From Pelion to Warrington is a journey that takes you from the idiosyncrasies of a Greek village to Rugby League territory, itself hardly an idiosyncrasy-free-zone. Waking up after the journey back, it was off on Sunday to the Co-operative Championship finals day for the lower divisions of the Rugby League, trying to switch my mind back to a different version of normality.

There were a few questions buzzing around. Would Oldham lose their fourth successive final and miss out on promotion yet again? They did, despite being supported by a group of African drummers and featuring the extravagantly named Wayne Kerr.

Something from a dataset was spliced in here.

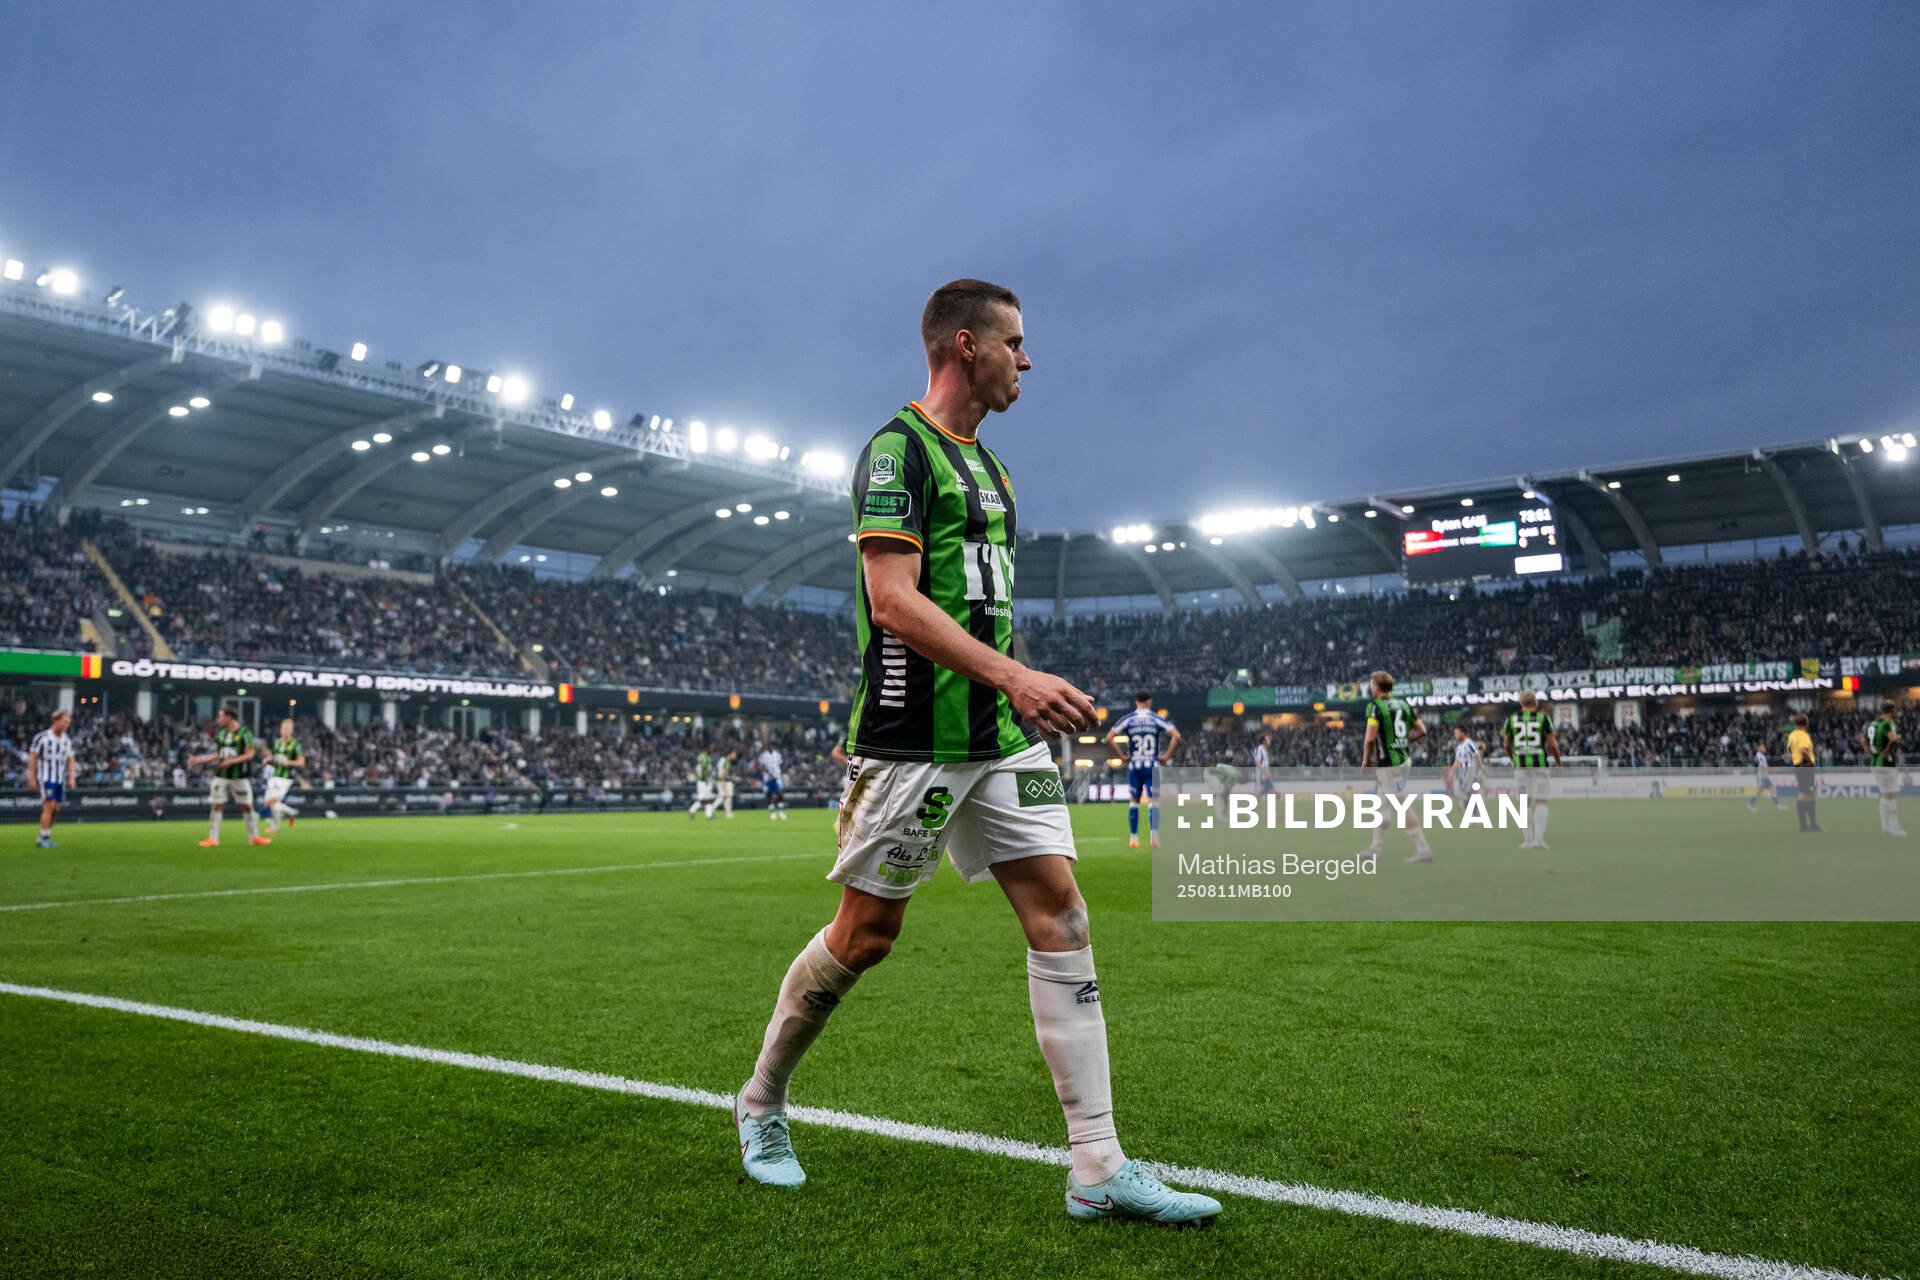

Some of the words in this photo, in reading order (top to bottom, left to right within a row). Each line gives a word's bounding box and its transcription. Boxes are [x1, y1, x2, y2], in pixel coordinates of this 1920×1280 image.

Would the main match see evidence of the revival of two of our traditional heartlands clubs, Featherstone Rovers and Halifax, and show that there was life outside Super League, despite the abolition of automatic promotion and relegation? Here the news was mixed. The match was by no means a sell-out as it has been in the past, but there was a reasonable gathering of supporters from two clubs that had been through difficult times.

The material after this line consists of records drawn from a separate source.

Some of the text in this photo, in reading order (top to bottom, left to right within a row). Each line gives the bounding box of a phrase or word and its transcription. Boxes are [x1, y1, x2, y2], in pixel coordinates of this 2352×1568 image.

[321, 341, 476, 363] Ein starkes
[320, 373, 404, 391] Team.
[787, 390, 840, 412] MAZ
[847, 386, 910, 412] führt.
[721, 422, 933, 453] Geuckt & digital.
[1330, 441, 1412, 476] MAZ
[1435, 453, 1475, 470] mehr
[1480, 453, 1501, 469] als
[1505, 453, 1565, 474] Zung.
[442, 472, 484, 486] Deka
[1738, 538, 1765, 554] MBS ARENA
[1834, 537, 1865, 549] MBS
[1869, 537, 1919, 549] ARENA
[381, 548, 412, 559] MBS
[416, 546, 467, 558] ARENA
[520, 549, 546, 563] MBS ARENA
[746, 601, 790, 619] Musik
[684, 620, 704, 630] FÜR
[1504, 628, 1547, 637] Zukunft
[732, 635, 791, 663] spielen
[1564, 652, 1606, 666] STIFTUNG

Then the drama began - a superb hundred metre try for underdogs Halifax from Warrincy, followed by a recovery from the excellent young Featherstone side and suddenly there was an announcement, the game was halted and the crowd behind one set of posts told to evacuate on to the pitch as a fire had broken out in a cupboard under the stand.

Friday saw the last match at St Helen's Knowsley Road ground, their home since 1890. On Sunday we saw why the old grounds had to go. A fire in many of our old stadia, including Swinton's much lamented and never replaced Station Road, could have been a catastrophe, another Bradford. Here everything was managed perfectly, there was no risk of it spreading and supporters were moved away from the area safely onto the pitch and then into another stand.

After a forty minute delay the drama continued. League leaders Featherstone built a comfortable 22-4 lead with 25 minutes to go and were cruising to victory. Then came the fightback, Halifax equalising at the death to make it 22-22. Now it was golden point extra time and Halifax snatched victory with a drop goal to win 23-22 and take the title.

It was a breathtaking, strange and very long day, but all was overshadowed by the tragic news of the death of Terry Newton. He was a fine player, though one capable of some pretty bad foul play, who had wrecked his career at the end by testing positive for a banned drug. A tragedy, but not one that should have cost him his life at the age of only 31. A very strange weekend for Rugby League.

With the Grand Final, a Wigan Saints derby, coming up on Saturday in front of around 70,000 fans at Old Trafford, it's a good time to reflect on the qualities and flaws of a sport that has reinvented itself, embracing a summer season, razzmatazz and a clutch of new stadia without ever losing its roots and its unique, down-to-earth qualities. It's a great game. Roll on Saturday.

Saturday, September 25, 2010

A piece of history

This, according to its owner Iannis, is the first car ever owned in the village - and it is still in use.

But today I leave it all behind and set out back to the UK, though using more modern transport.

Friday, September 24, 2010

An unnatural disaster

First there is Ireland:
After posting an increase in growth in the first three months of the year, official data showed that the former "Celtic Tiger" sank into a double dip recession in the spring.
Larry Elliott comments:
The reason for this is simple: the budget cuts have impaired the economy's ability to grow. The Irish government wants to slash the country's budget deficit from 12% to less than 3% by 2014, which would be eye-wateringly tough even if the economy were growing robustly. But when the economy is shrinking, it means the government is in effect running to stand still, hence the calls for even greater austerity to mollify the markets. That would, of course, simply weaken growth prospects still further.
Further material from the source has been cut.